Michael expected Weber to offer them seats around the table, but instead, she walked to the heavy door and turned to face them. “I know you have questions, but the answers are … difficult. I had no choice but to pretend I didn’t know you back when we last spoke. There are … factions within my agency that disagree with my course of action. I don’t trust them, and they don’t trust me. Yes, you contacted me over a secure communications line, but it was only secure from the outside world. Many within the VNS might have seen our conversation, and I couldn’t let that happen. You have no idea just how secret your mission was.”

Michael thought he understood perfectly. “In other words, you guys screwed up big-time and you’re trying to cover it up. Make us go away.”

Agent Weber was a beautiful woman, no doubt. But something washed over her face when he said that, that made her terrifyingly ugly. It was gone in a flash, and she was answering Michael.

“Like I said, we don’t have time to talk. There are many, many levels to this, Michael. The politics are only a small part of it. Ultimately, what matters is the security of the VirtNet and the safety of the people who frequent it. That’s my mandate, and I’ll do anything—anything—to fulfill my obligations. Do you understand?”

Michael flinched and took a half step backward, then tried to recover and make it look like he’d just repositioned himself to get more comfortable. This lady was scary, and he found it hard to trust her. But he didn’t know where else to turn.

Bryson chimed in. “You keep calling him Michael. Why? His name is Jackson Porter, right? You know everything, don’t you?”

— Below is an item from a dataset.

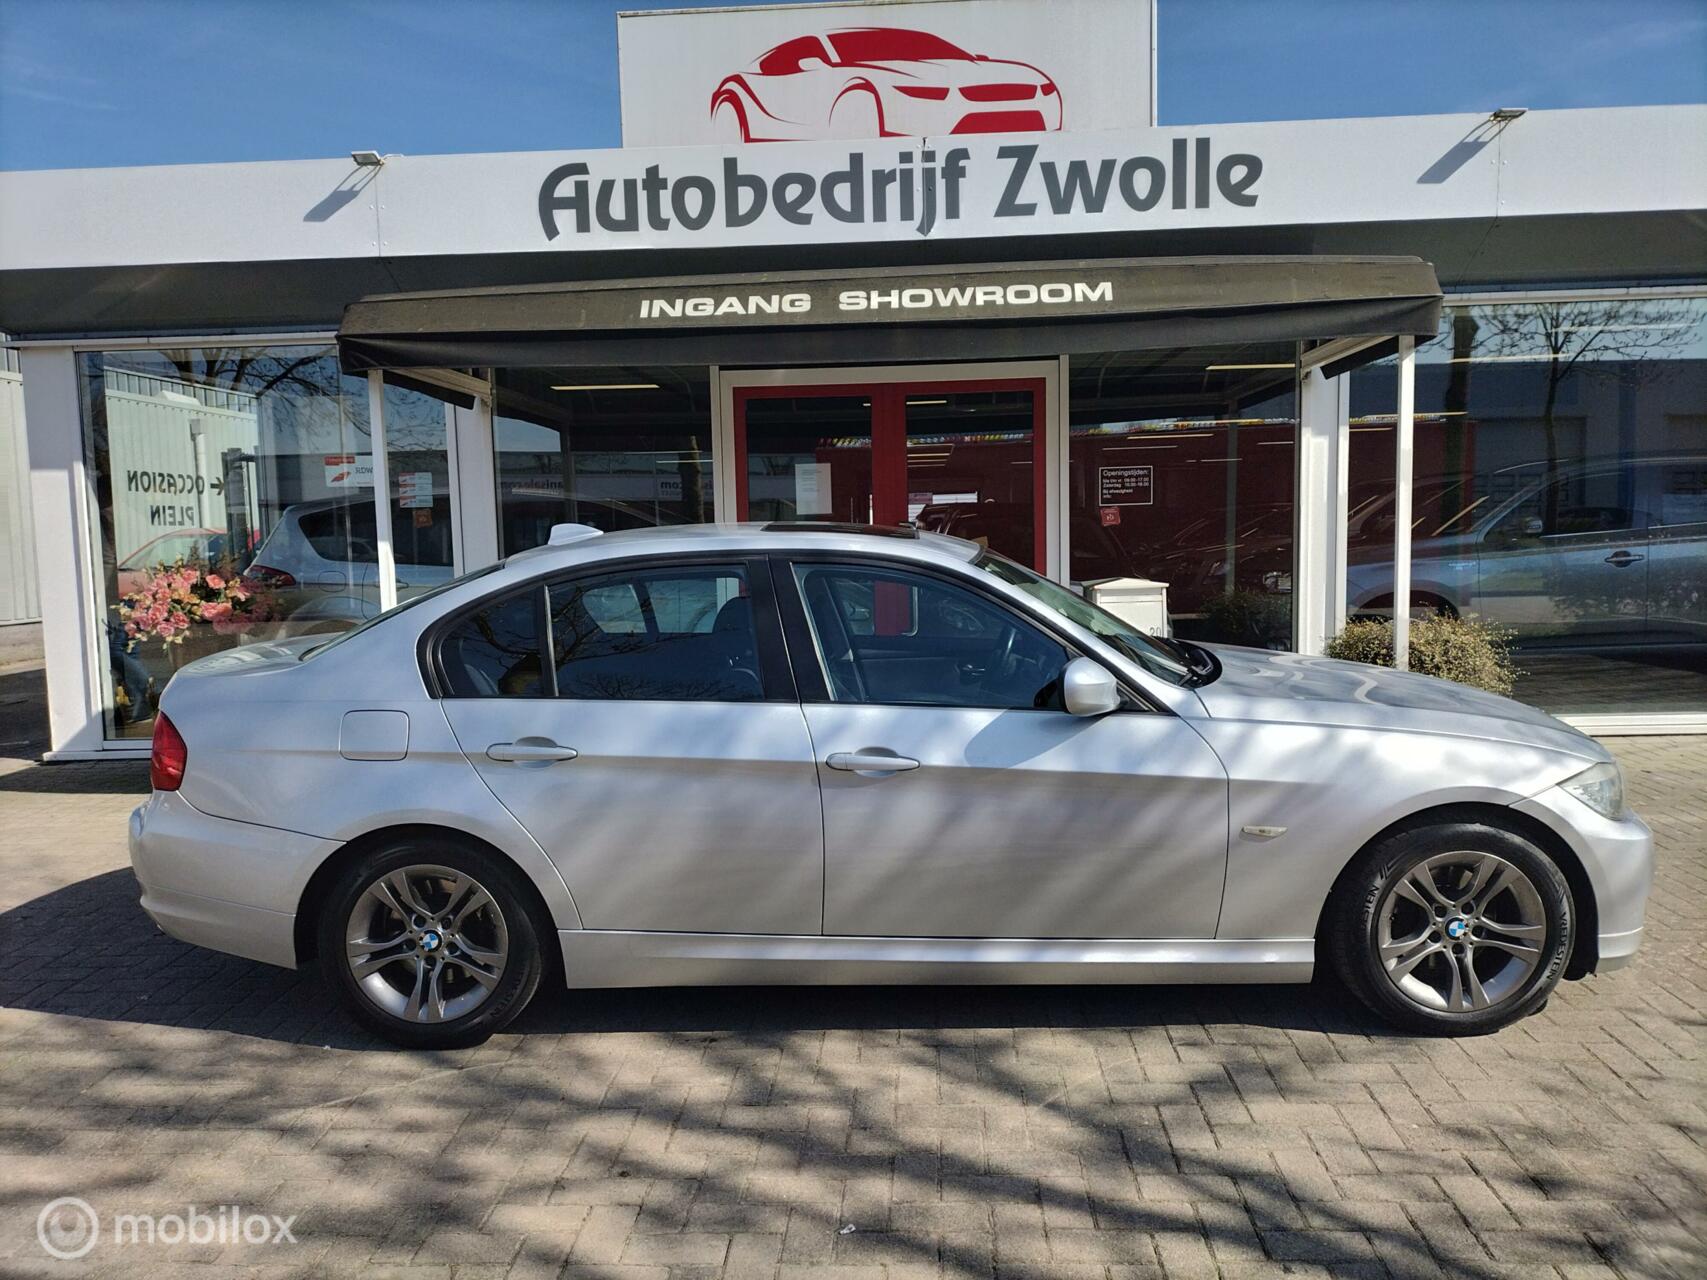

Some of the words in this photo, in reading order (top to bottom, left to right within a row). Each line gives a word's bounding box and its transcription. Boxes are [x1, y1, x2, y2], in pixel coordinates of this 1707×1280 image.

[538, 147, 971, 242] Autobedrijf
[993, 137, 1264, 218] Zwolle
[639, 292, 812, 318] INGANG
[838, 281, 1115, 312] SHOWROOM

That flash of anger showed on her face again as she directed her look at Bryson. “Listen to me. We don’t have time for this. Yes, Kaine duped us. In a monumental way. In ways you don’t even understand. Yes, I know Michael was a Tangent and was inserted into the body of Jackson Porter. I know it’s happening all over the world. I know we need to stop it. Now, are you here to help me or waste my time?”

“How can we trust you?” Sarah asked. “After you led us to the Path, led us right into the trap Kaine set for us?”

Weber showed no anger this time, just a look of genuine frustration. As if she had a thousand things she wanted to say and no time. “If the three of you would just take a moment to reflect on the sequence of events, I think you’d see that we were fooled just as you were. We tried to find Kaine, and we used you. And it worked. Not in the way we hoped, but it did work. We got our answers—we know more than we ever could have otherwise. Now our problem is to figure out how to stop him before things get out of control. His influence is spreading even though we don’t know his ultimate goal yet. And I’m not just talking about the Tangents he’s humanizing.”

“What else?” Michael asked. He reminded himself not to trust her too quickly, but she seemed sincere. He could see the stress in her every movement. She was scared, and that was a good thing in Michael’s book. “What could be worse than that?”

Agent Weber shook her head. “I didn’t say anything was worse. But the problems inside the VirtNet are just as bad as the problems in the Wake. Kaine is taking over, in ways you’ll realize soon enough.”

“We will?” Sarah asked.

“Yes,” Weber replied. “Look, I went well out of my way to visit you, Michael, after we realized what had happened. We’re all on the same side. I had to tread carefully for reasons we don’t have time to discuss right now. I knew you would come to find me after our admittedly odd conversation over the communications uplink. The timing is good, and I need you—all three of you—more than ever.”